When sentiment data lies to you
Sentiment from AI calls is not the only source of truth. It systematically over-represents:
- Voters who answer the phone. Younger and more engaged voters.
- Voters who actually engage. Self-selection toward those willing to talk.
- Voters whose language matches the agent's dialect. Bad dialect coverage produces refusal-skewed samples.
It systematically under-represents:
- Senior voters who don't answer unfamiliar numbers
- Apolitical voters who don't want to engage on political topics
- Voters who have strong views but communicate through different channels (e.g., local karyakarta visits)
The campaign that treats AI sentiment as the only truth misses important segments. The right approach is to triangulate with door-to-door survey data, traditional polling and field-team intelligence.
Where AiSewak fits
AiSewak's analytics layer ships with:
- Real-time sentiment classification (Hindi + 10 regional languages)

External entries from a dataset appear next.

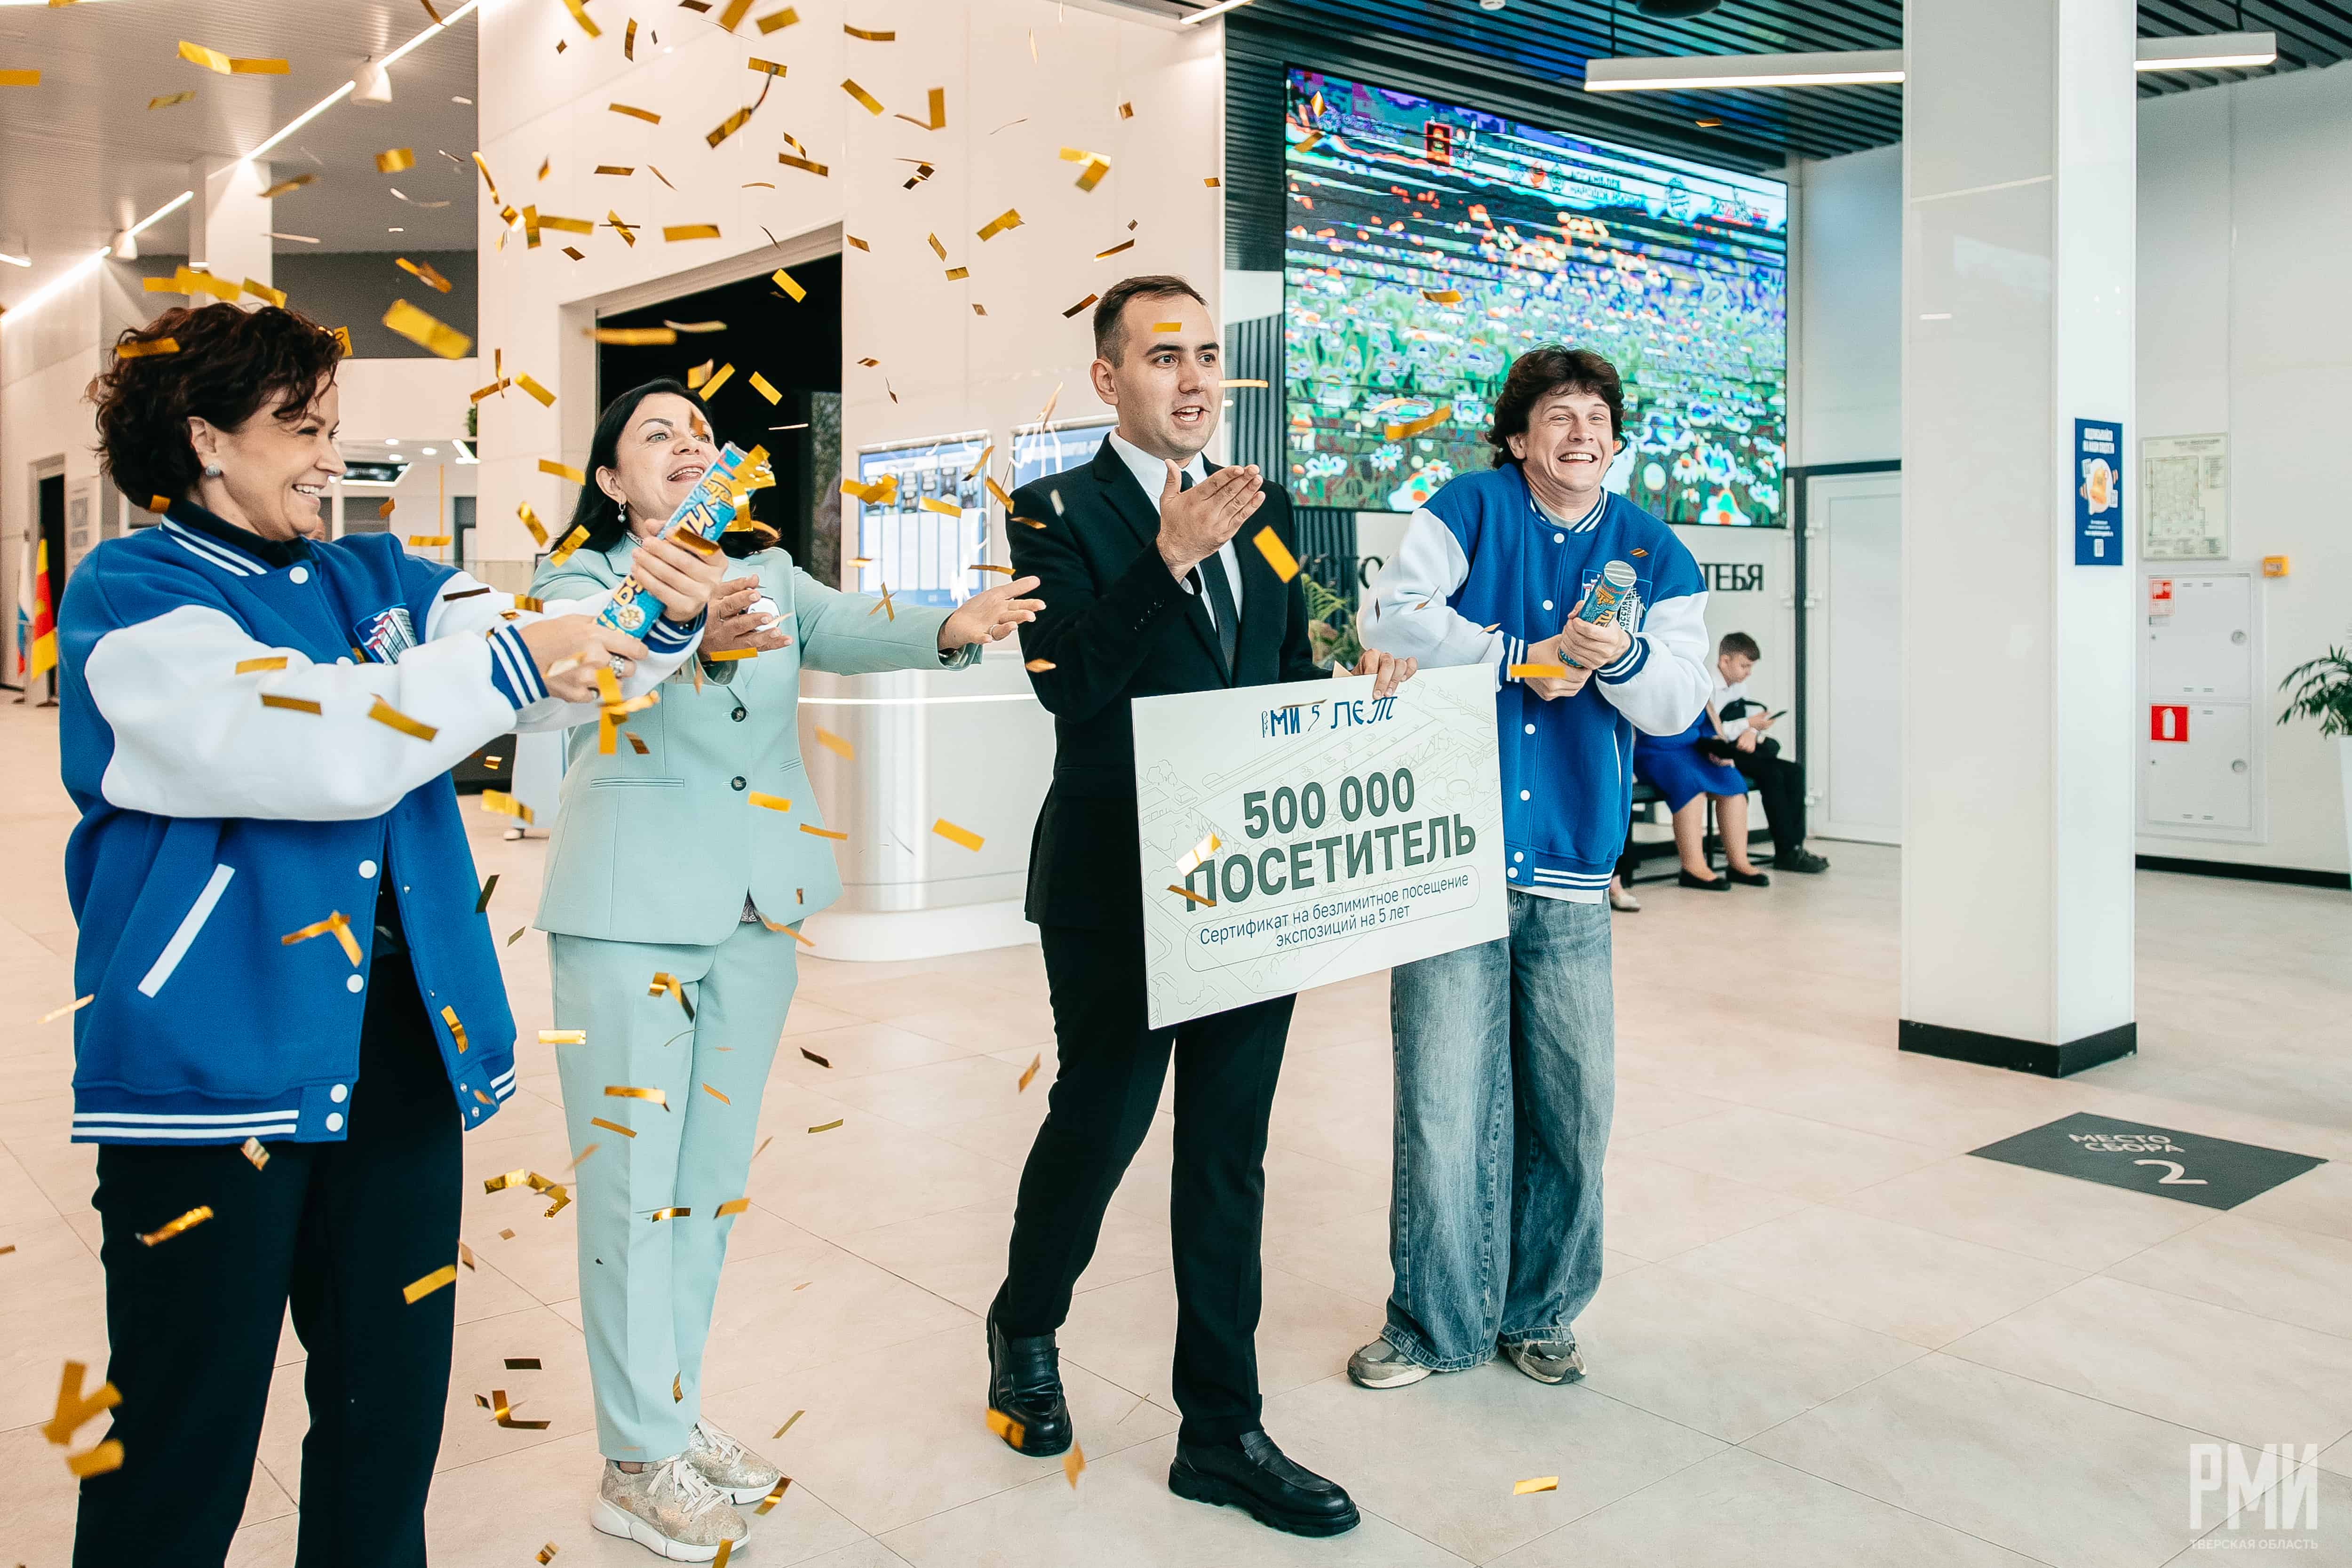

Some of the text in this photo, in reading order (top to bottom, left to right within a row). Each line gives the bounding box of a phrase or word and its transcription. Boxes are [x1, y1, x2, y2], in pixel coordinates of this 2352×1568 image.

[1699, 563, 1763, 591] ТЕБЯ
[1619, 601, 1629, 629] ОССИЯ
[1308, 705, 1320, 732] 5
[1243, 768, 1414, 839] 500 000
[1185, 813, 1476, 912] ПОСЕТИТЕЛЬ
[1200, 874, 1469, 946] Сертификат на безлимитное посещение
[1276, 905, 1411, 947] экспозиций на 5 лет
[2069, 1134, 2171, 1144] МЕСТО
[2084, 1142, 2186, 1153] СБОРА
[2133, 1159, 2209, 1185] 2

- Predefined taxonomy of 200 Indian political/civic issues + open vocabulary discovery
- Booth-level aggregation at 60-second refresh
- Three default dashboards (war-room, booth deep dive, field-team mobile)
- Configurable action triggers (alerts, ticket creation, escalation)
- 24-month historical retention with DPDP-compliant erasure
Where to go next
- The Two-Way Voter Engagement Engine Architecture — the system underneath
- GOTV with AI: Polling Day Playbook — how sentiment data drives the GOTV wave
- AI for Booth Workers — getting sentiment to the karyakarta who can act
- Conversational AI Use Cases — the use cases that produce the conversations
Sentiment analysis is what turns AI calls from outreach activity into political intelligence. The campaigns that figure this out by mid-2026 will be operating at a level of decision-precision that their competitors won't match without it.